I settle back against the mirror, and Damien climbs into my lap with the easy trust of childhood. For a moment, we’re just family. Uncle and nephew, sharing memories of someone we both miss.

“She said you’d be curious about everything, that you’d ask a thousand questions and actually listen to the answers. She said you’d be brave but not reckless, strong but not cruel.” I smooth his hair back from his forehead. “She was right about all of it.”

“Do you think she’d like who I am now?”

“I think she’d be proud of you every single day,” I tell him honestly. “And I think she’d want you to grow up knowing that being good is harder than being strong, but that it’s more important.”

He considers this with typical seriousness. “Is that why you got sick? Because being good is hard?”

The kid understands a whole lot. But maybe that’s what Ana would have wanted—a son who thinks beyond the surface, who grasps the complexity of the world he’s been born into.

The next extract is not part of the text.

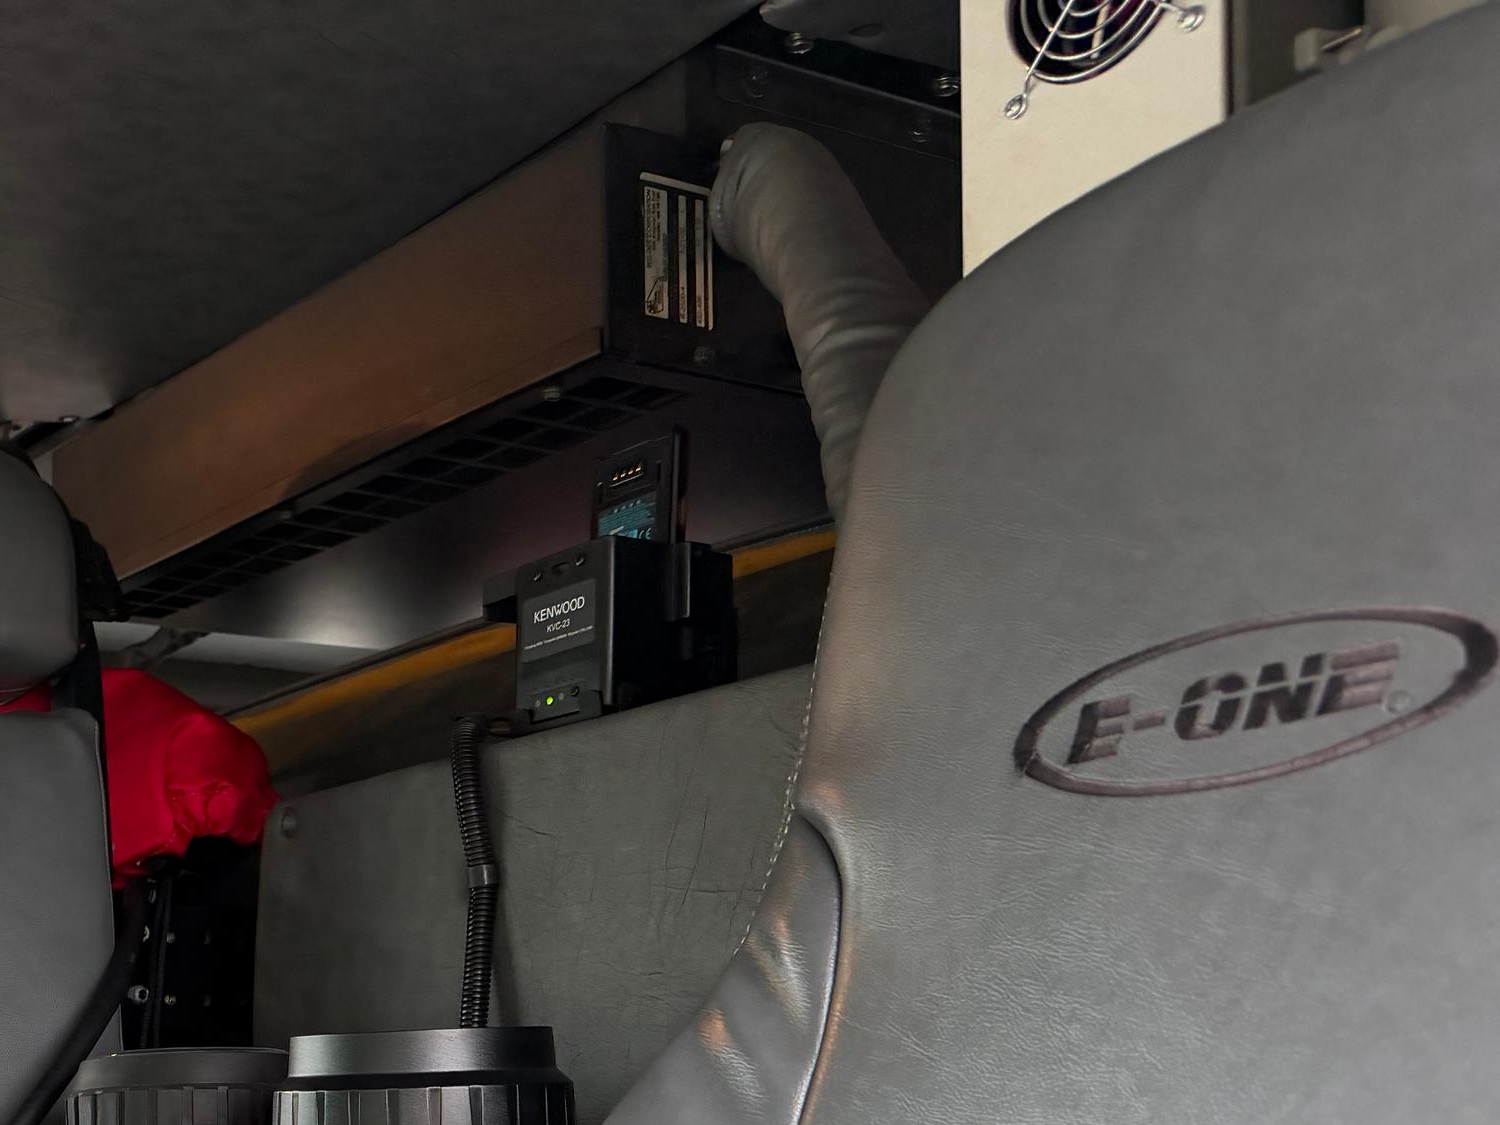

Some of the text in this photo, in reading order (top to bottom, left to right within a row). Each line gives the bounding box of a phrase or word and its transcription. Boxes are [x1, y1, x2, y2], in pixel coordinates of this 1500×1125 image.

[533, 596, 585, 624] KENWOOD
[546, 618, 571, 633] KVC-23
[1066, 640, 1400, 765] E-ONE
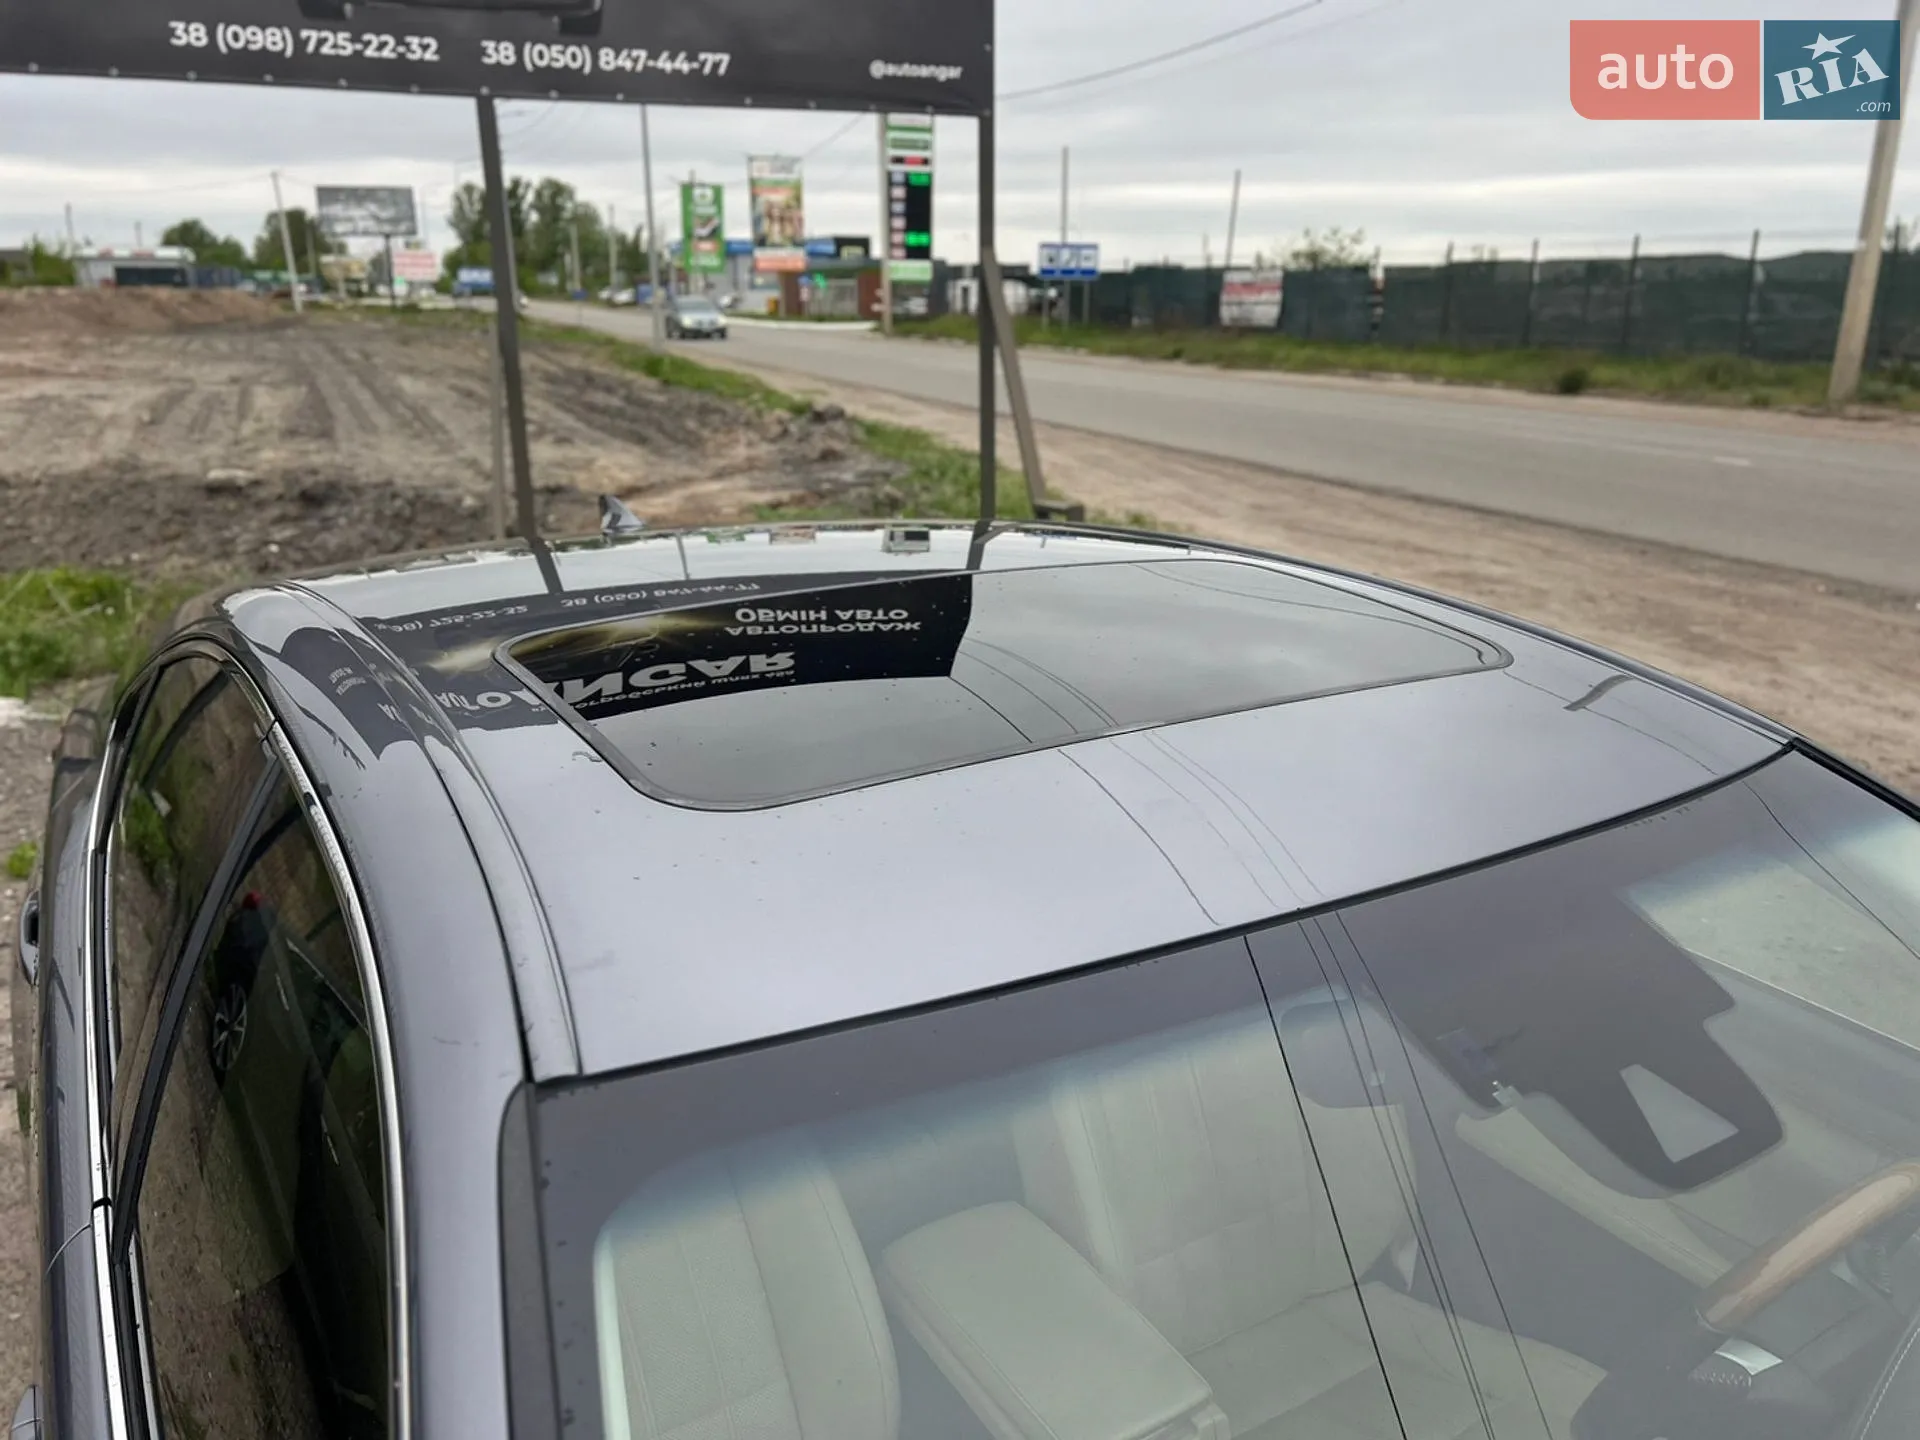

“Partly,” I admit. “I forgot how to be good for a while. I let being angry matter more than being the person your mother would have wanted me to be.”

“But you remembered?”

“I’m remembering,” I correct. “Every day, I try a little harder.”

“Good,” he says with satisfaction. “Will you come back soon? I mean, I know you’re busy getting better, but…”

“I’ll come back,” I promise. “As often as I can.”

“And you’ll keep teaching me things? Not just basketball stuff, but other things too?”

“What other things did you have in mind?”

“I don’t know. Uncle things. Like how to be brave when you’re scared, or how to know if someone is lying, or how to make people laugh when they’re sad.”

The requests are so earnest, so specific, that I realize Damien wants me in his life. Wants me to matter, to be present, to be someone he can count on.

The responsibility should terrify me. Instead, it settles over me like armor, protective and purposeful.

“I can teach you those things,” I tell him. “But you have to promise me something in return.”

“What?”

“Promise me you’ll always try to be the person your mother imagined. Even when it’s hard. Even when being good feels impossible. Promise me you’ll choose to be light instead of darkness.”

He nods solemnly. “I promise, Uncle Yakov.”

“Good man.”

We practice a few more escapes, but the energy has shifted. We’re not just playing now; we’re building something. Trust, connection, the foundation of the relationship Ana dreamed of for us.

When Aleksander appears in the doorway to signal our time is up, Damien groans with disappointment.

“Already?” he protests.

“Time moves faster when you’re having fun,” I tell him, helping him to his feet.

Igor appears behind Aleksander, assessing the scene. “Did you guys have fun?”